Spence Children’s Anxiety Scale: Parent Version
The SCAS-P is a 38-item parent report measure of children’s anxiety (Nauta et al. 2004), adapted from the original child version of the scale (Spence 1997, 1998). The scale can be divided into six subscales in accordance with anxiety disorders outlined in the DSM-IV (APA 1994) including generalised anxiety, panic and agoraphobia, social phobia, separation anxiety, OCD and specific fears or phobias (labelled by Spence as ‘physical injury fears’). Respondents rate the frequency of each item on a 4-point Likert scale ranging from 0 (never) to 3 (always). Scores across all 38 items are summed to yield a total score; higher scores reflect greater levels of anxiety. Nauta et al. (2004) reported good to excellent internal consistency in the scale (Cronbach’s alpha of 0.89), as well as good convergent and discriminatory validity and support for its six-factor structure. It has also demonstrated good psychometric properties as a measure of anxiety among children and adolescents with autism (Zainal et al. 2014). In the current sample, the scale showed excellent internal consistency in the parents of both autistic (α = 0.93) and typically developing (α = 0.87) children.
Procedure
This study was part of a larger investigation into sensory sensitivities in autistic children. Children were seen individually in one or more face-to-face sessions at the university during which they were administered the Wechsler Abbreviated Scales of Intelligence, Second Edition (WASI-II; Wechsler 2011), as a measure of intellectual functioning and, for autistic children (n = 55), the Autism Diagnostic Observation Schedule—Second Edition (ADOS-2; Lord et al. 2000, 2012). Parents were asked to complete the Social Communication Questionnaire, Short Sensory Profile, Spence Children’s Anxiety scale and Intolerance of Uncertainty scale.
This study was granted ethical approval by the University’s Research Ethics Committee. Written informed consent was obtained from all parents prior to their and their child’s participation.
Results
Between-Groups Analysis
To begin, and to address our initial aim, we examined group differences in scores on the Intolerance of Uncertainty scale, Short Sensory Profile and the Spence Children’s Anxiety scale. Table 2 shows scores on each of the measures for autistic children (n = 64) and typical children (n = 85). Although typically developing children’s scores on both the Short Sensory Profile and Intolerance of Uncertainty scale showed a slight positive skew, and autistic children’s a slight negative skew, all scores followed a relatively normal distribution in both groups. Log and square root transformations did not improve the distribution of scores, so data were left untransformed.
As expected, parents reported significantly greater levels of intolerance of uncertainty, t(113) = 11.19, p < .001, d = 1.89, sensory sensitivities, t(103) = 12.68, p < .001, d = 2.15, and anxiety, t(83) = 6.55, p < .001, d = 1.13, in autistic children compared to typical children.
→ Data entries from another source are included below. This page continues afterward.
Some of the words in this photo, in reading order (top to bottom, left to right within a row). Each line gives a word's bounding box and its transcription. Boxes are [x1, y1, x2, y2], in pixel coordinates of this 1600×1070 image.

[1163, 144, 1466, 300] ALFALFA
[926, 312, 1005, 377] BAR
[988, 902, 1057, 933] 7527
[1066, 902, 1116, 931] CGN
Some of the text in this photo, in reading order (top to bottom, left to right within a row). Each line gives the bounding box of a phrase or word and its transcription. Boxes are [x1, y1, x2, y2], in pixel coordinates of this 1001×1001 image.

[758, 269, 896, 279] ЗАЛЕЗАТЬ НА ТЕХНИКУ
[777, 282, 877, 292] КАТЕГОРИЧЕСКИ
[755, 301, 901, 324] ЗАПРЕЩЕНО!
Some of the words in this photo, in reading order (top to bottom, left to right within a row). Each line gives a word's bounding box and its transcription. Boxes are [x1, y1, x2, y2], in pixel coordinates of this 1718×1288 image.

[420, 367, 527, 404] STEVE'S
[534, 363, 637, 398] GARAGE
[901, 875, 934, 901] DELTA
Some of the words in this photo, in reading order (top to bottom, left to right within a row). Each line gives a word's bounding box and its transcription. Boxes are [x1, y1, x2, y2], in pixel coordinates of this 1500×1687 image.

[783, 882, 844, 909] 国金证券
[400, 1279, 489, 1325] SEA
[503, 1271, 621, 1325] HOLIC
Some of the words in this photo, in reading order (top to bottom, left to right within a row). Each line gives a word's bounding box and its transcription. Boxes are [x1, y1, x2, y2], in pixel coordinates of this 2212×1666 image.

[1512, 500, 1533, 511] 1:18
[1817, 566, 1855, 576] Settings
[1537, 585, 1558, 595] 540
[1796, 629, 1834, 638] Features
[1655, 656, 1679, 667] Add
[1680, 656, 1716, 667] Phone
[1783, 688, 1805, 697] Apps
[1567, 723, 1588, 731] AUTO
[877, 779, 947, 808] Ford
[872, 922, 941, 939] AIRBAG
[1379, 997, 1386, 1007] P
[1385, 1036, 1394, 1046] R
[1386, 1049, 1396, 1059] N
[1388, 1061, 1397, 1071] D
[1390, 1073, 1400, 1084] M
We also created subsamples of autistic (n = 40) and typical (n = 40) children, who were matched in terms of age, t(78) = .39, p = .70, d = .09 and full-scale IQ, t(78) = .16, p = .87, d = .04. Significant differences—with similar effect sizes—remained with regards to intolerance of uncertainty, t(78) = 8.21, p < .001, d = 1.84, sensory sensitivities, t(78) = 9.63, p < .001, d = 2.15, and anxiety, t(58) = 4.27, p < .001, d = .95, in the matched groups.Footnote 2
Examination of the normative data on 1037 children provided by Dunn (1999) enabled us to classify these children in terms of the extent of their sensory atypicalities. Most of the autistic children (84 %) fell in the ‘definite difference’ range, with 8 % scoring in the ‘probable difference’ range and 8 % in the ‘typical performance’ range. By contrast, the majority (78 %) of typically developing children in this study fell into the ‘typical performance’ range (at or above 1 SD below the mean, where lower scores indicate greater levels of symptoms), with 14 % scoring in the ‘probable difference’ range and 8 % in the ‘definite difference’ range.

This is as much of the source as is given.